▸ **How to complete this task**
Give the data below again exactly as written, without its pictures.

Annotated photo localization data
◆ ◆ ◆ ◆ ◆ ◆ ◆
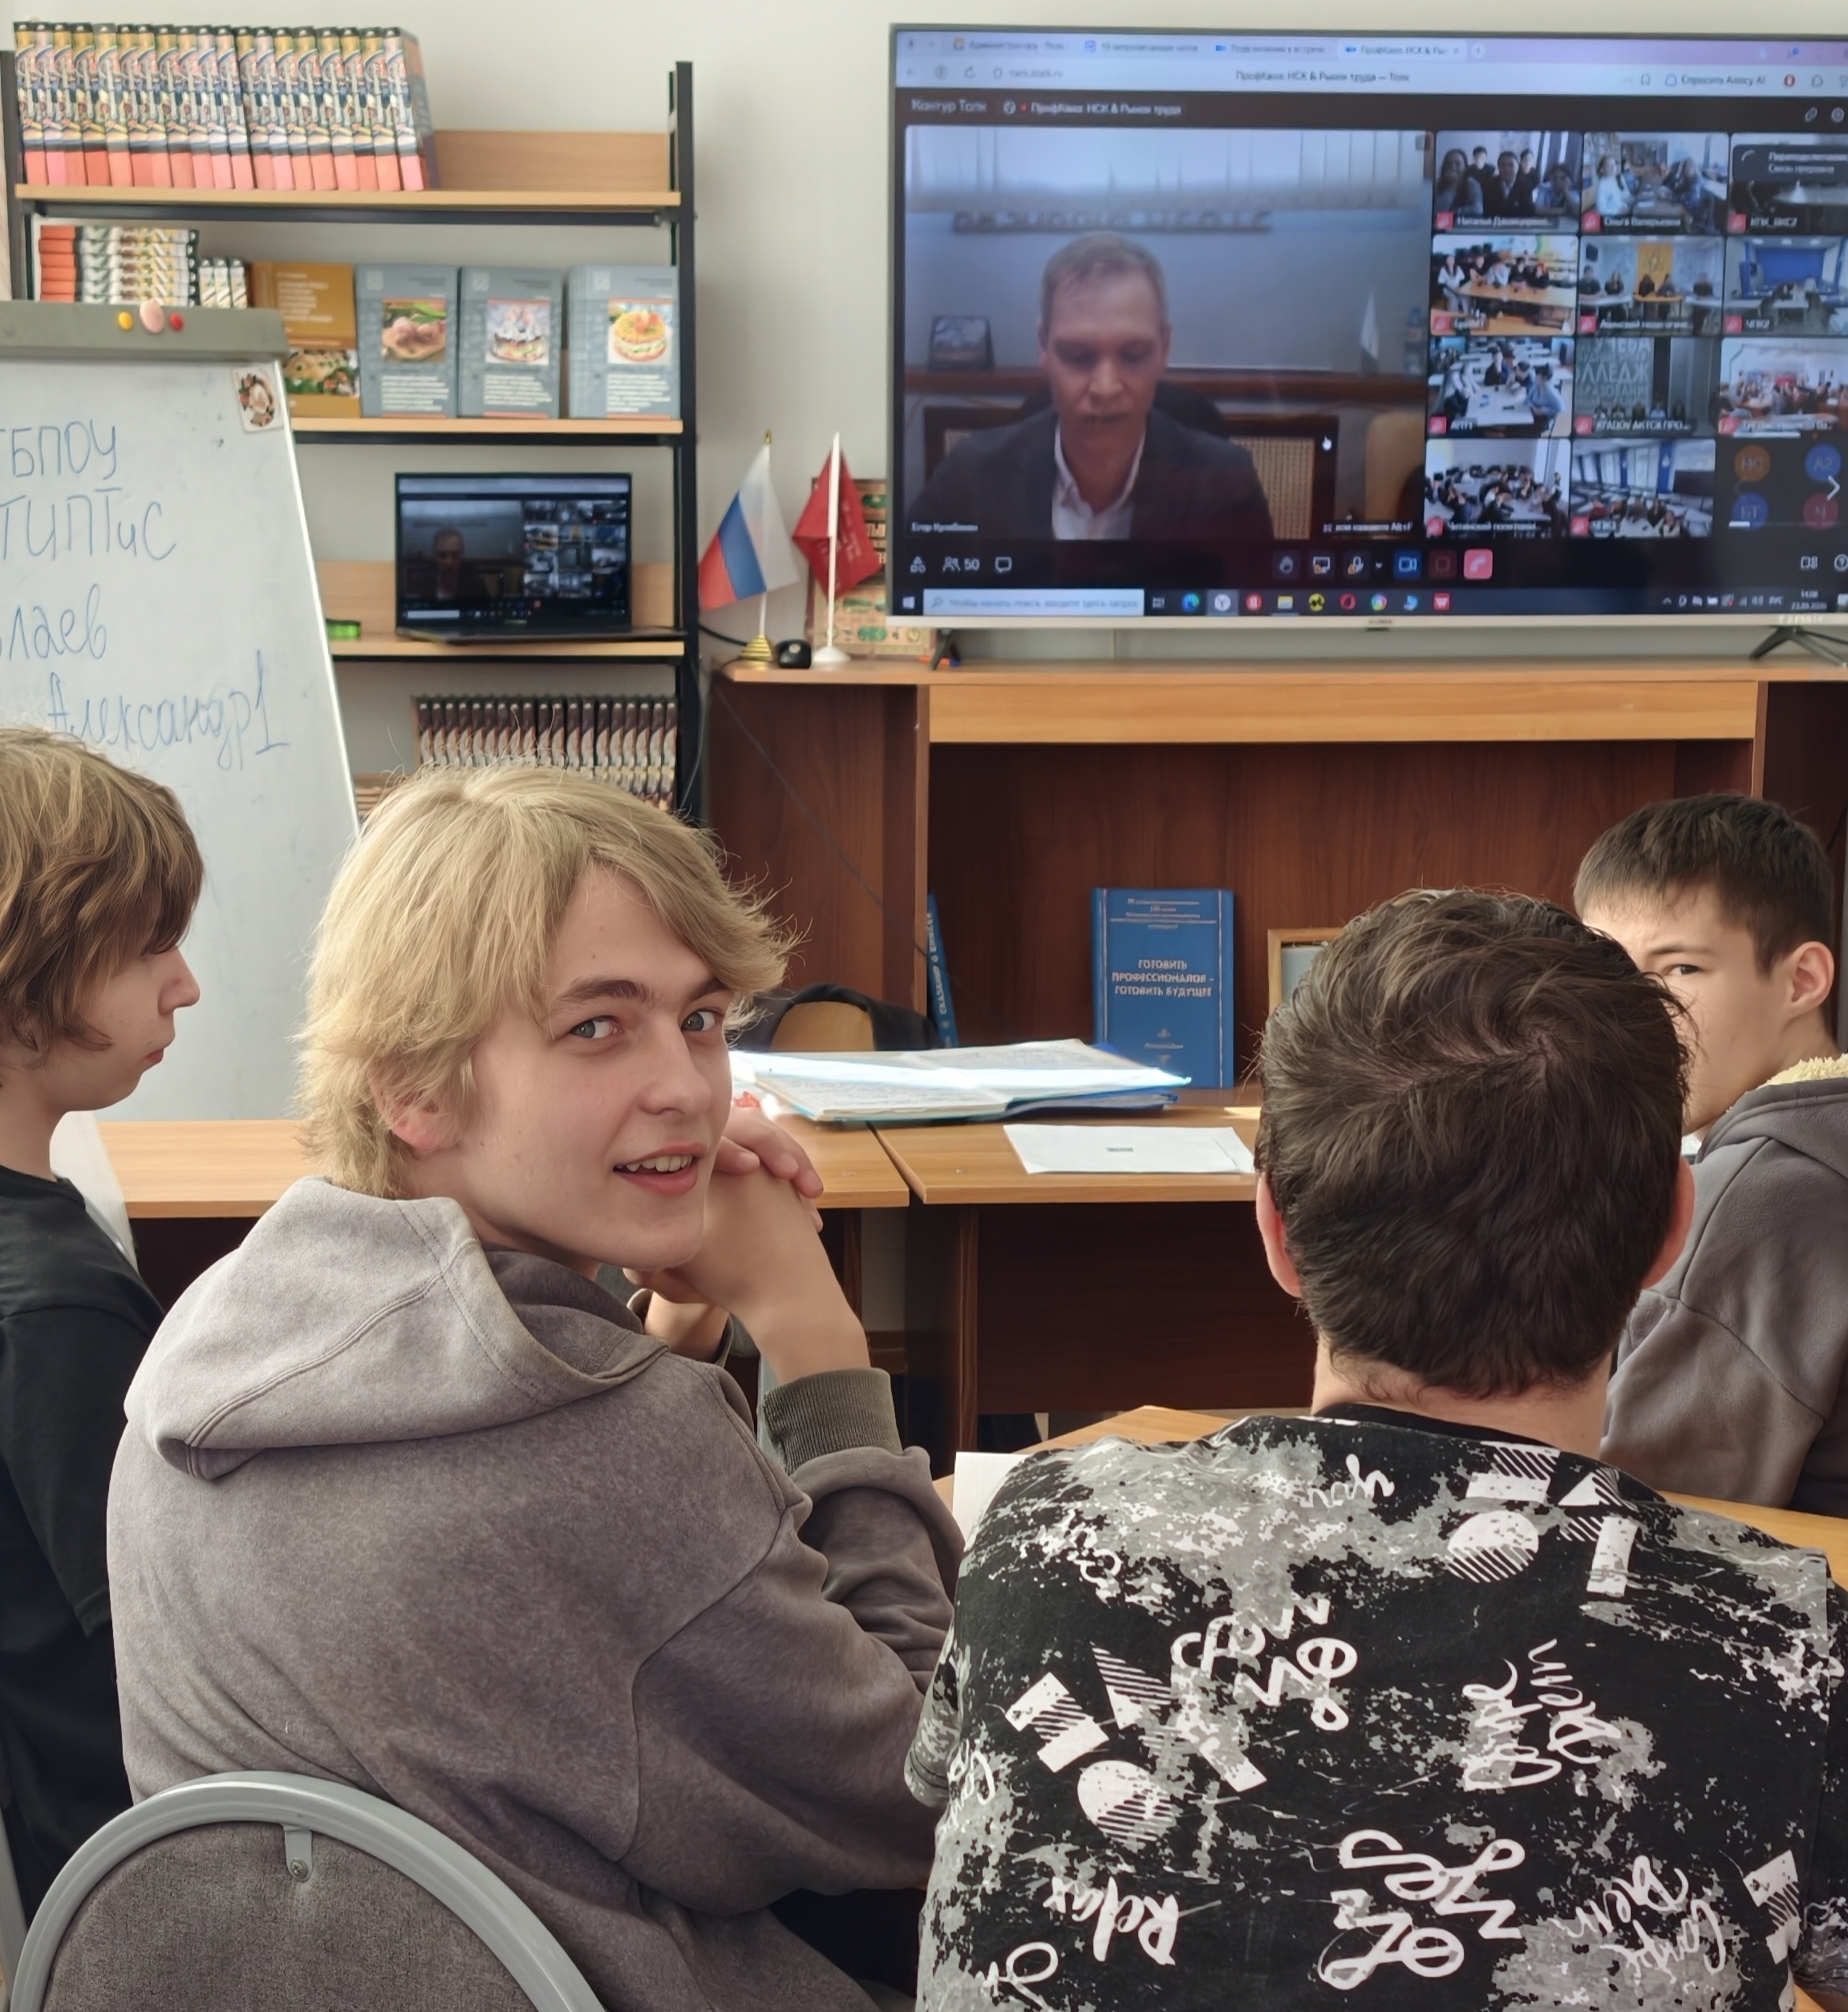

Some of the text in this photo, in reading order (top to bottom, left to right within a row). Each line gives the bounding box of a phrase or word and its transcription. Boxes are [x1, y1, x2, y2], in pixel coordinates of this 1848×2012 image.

[911, 99, 987, 114] Контур Толк
[0, 420, 117, 481] БПОУ
[964, 558, 980, 571] 50
[0, 582, 107, 661] лаев
[1138, 959, 1187, 971] ГОТОВИТЬ
[1112, 972, 1206, 984] ПРОФЕССИОНАЛОВ
[1114, 985, 1164, 996] ГОТОВИТЬ
[1043, 1876, 1179, 1966] Relax
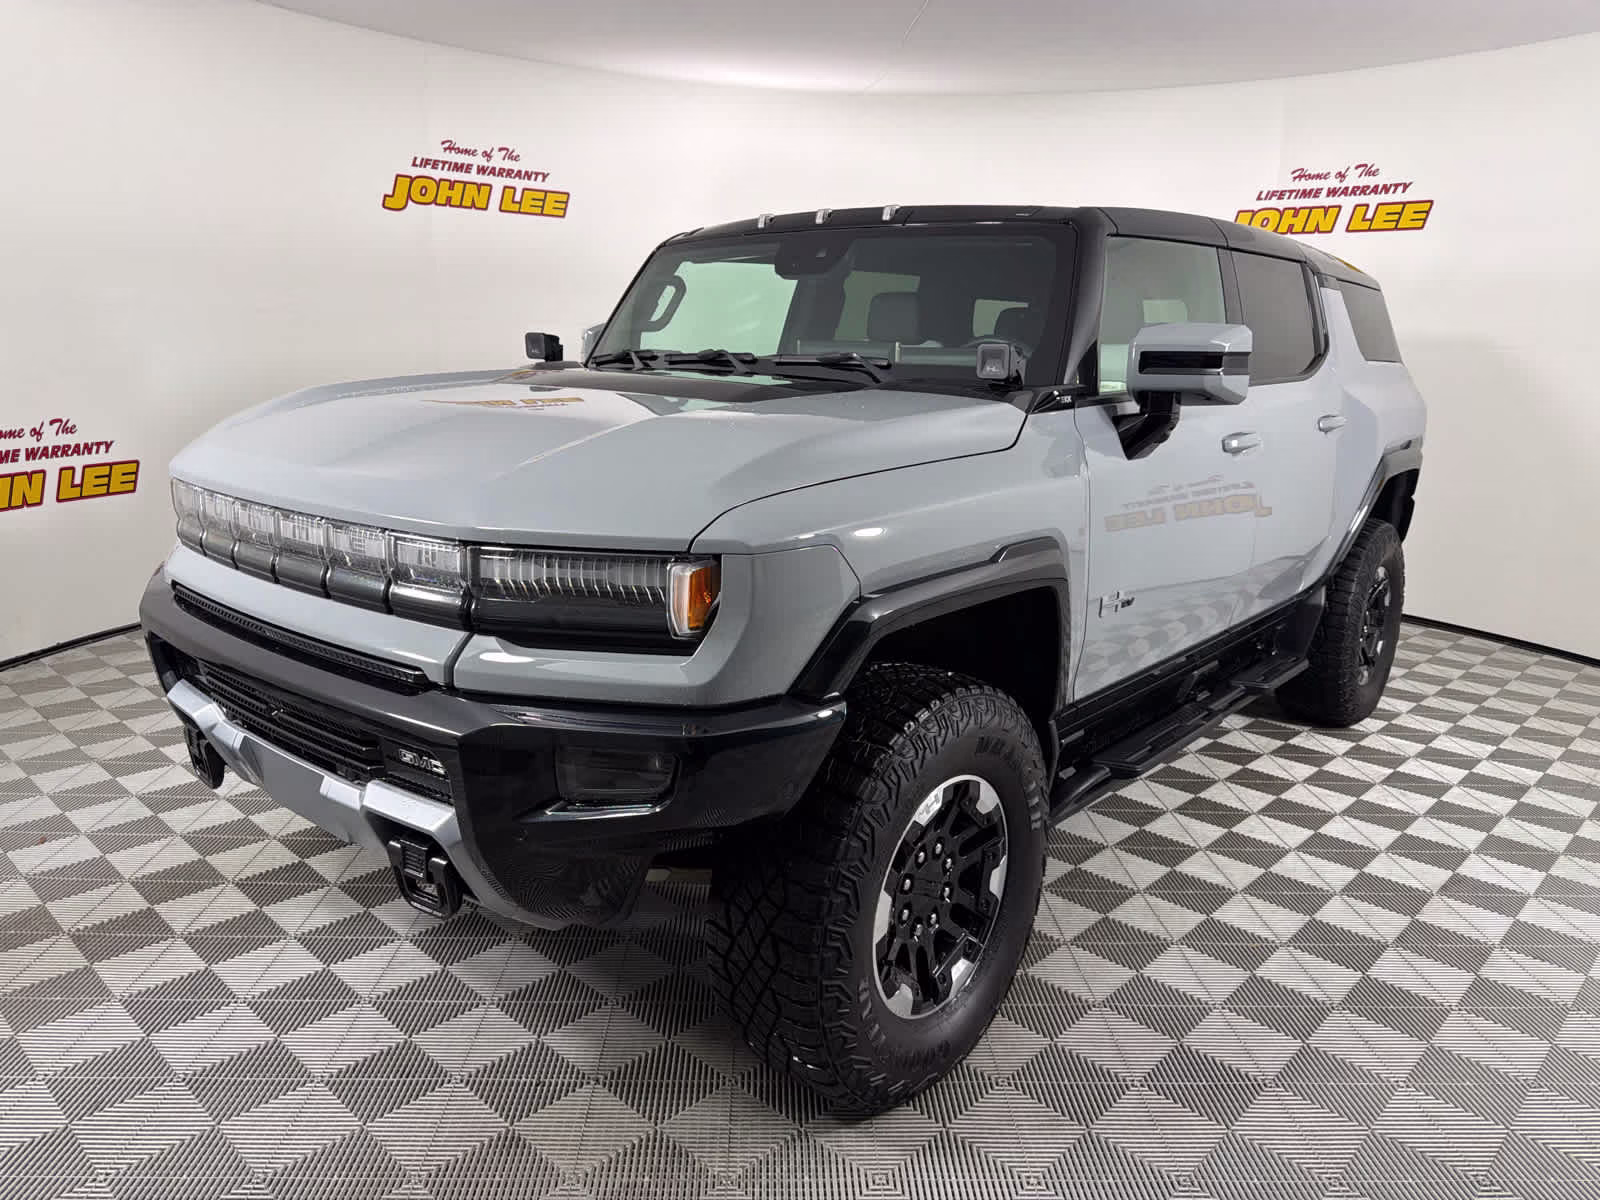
◆ ◆ ◆ ◆ ◆ ◆ ◆
▸ **Solution to this problem**
Some of the text in this photo, in reading order (top to bottom, left to right within a row). Each line gives the bounding box of a phrase or word and its transcription. Boxes are [x1, y1, x2, y2], in pixel coordinates of this 1848×2012 image.

[911, 99, 987, 114] Контур Толк
[0, 420, 117, 481] БПОУ
[964, 558, 980, 571] 50
[0, 582, 107, 661] лаев
[1138, 959, 1187, 971] ГОТОВИТЬ
[1112, 972, 1206, 984] ПРОФЕССИОНАЛОВ
[1114, 985, 1164, 996] ГОТОВИТЬ
[1043, 1876, 1179, 1966] Relax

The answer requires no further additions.